Ele
vivia sozinho, rodeado por suas ideias e ruminações mentais. Ela, solteira e
doida pra ser o que falta a alguém. Uns amigos em comum achavam que poderia ser
uma boa coisa colocá-los para duelar, digo, dialogar.
De
encontro marcado, ele decide comer uma paçoca antes de ir ao encontro, que será
dali a meia hora. Ela, inibida, bebe meia garrafa de vinho para soltar as
pregas do recalque. No restaurante, ele a vê chegando e, segundo sua fantasia,
a moça tem cintura fina, cabelos longos balouçantes ao ritmo do ventilador de
parede, vem com os lábios entreabertos e a cabeça levemente projetada para
cima. Ou será que tudo isso é pela falta dos óculos, esquecidos sobre o
aparador da sala?
Antes
de chegar na mesa em que ele espera, ela vem com seu salto 15 que não sabe
usar, mas quer impressionar, afinal ela tem pressa. Já passou dos 35 e, se seu
pai não lhe deu um filho, alguém tem que dar. Ela vem mancando. E nesse minuto
em que manca pela primeira vez, os olhos dele se fazem cativos. É ela! Por
outro lado, a paçoca que ele comera antes do encontro ainda estava entreposta
naqueles lindos dentes, e ela não pôde resistir. No primeiro oi, o leve odor de
álcool que exalava da boca daquela mulher e os feixes de paçoca a coroar os
dentes dele, foram o suficiente para profetizar uma paixão fulminante.
Depois
de algum tempo conversando, ou melhor, falando de psicanálise, já um pouco mais
descontraídos, descobrem que estão muito à vontade um com o outro. E desde que
chegaram não paravam de pensar, excitadamente, em qual seria a estrutura do
outro. Não se enganem, isso é critério para se engajar ou não num
relacionamento. Ela dava toda a pinta de ser uma histérica. O próprio falo
ambulante. E num momento de descuido, ele diz:
- Como uma boa histérica, você me deixou
com mais vontade de saber.
-
Ah, para de me diagnosticar!
- Isso não é um diagnóstico, é um
elogio, para dizer que você é um anzol.
- Ao que parece, nessa relação eu estou
do lado feminino e não do lado fálico. Não sou nada mais que um anzol para um
peixe.
- Um anzol com semblante de objeto a. É sucesso
na pescaria, na certa.
No
final da noite, ele fez questão de pagar a conta, sob os protestos da moça. Mas
disse a ela:
- Agora você me deve, e não é pouco.
- Não posso ficar em dívida com você.
- Por que não? O negócio é ir pensando
em como vai me pagar. Tantos ratos tantos florins.
- Mas pensar não paga!
- Você não é obsessiva, então terá que
pagar mesmo.
- Quem te disse que não sou? Você não é
meu analista!
- Aposto meu falo como é histérica.
- Mas que falo? Você não tem!!
- Ahá, o teste de histeria deu positivo!
Até torci pra uma estrutura perversa da sua parte mas...
- Eu posso ser psicótica!
- Não, nenhum psicótico saberia brincar
de ser psicótico. Metáfora não tá acessível pra ele. Teste de histeria já deu
positivo, no máximo uma perversão bem encenada. Mas aí não tem problema.

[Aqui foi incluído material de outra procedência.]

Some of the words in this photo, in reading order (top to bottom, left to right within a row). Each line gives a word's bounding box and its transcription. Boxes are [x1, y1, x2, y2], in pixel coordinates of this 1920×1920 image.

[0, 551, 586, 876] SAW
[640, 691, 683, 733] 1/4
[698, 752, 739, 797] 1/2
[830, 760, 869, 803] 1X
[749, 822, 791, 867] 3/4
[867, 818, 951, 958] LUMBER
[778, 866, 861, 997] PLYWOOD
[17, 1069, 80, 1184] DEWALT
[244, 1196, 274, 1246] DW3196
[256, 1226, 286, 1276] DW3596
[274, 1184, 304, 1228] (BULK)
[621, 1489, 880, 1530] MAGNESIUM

- Está bem, você venceu...
- Merda!
- O que foi?
- Com essa sequência de respostas
obsessivas, voltei pro zero.
- Sabe que esses dias fiquei devendo R$
2,00 num correio? Quase sentei num tonel de ratos.
- Eu adoraria...
E assim, dividiram o táxi até suas respectivas
casas. Dizem por aí que estão juntos até hoje, transando com a’língua.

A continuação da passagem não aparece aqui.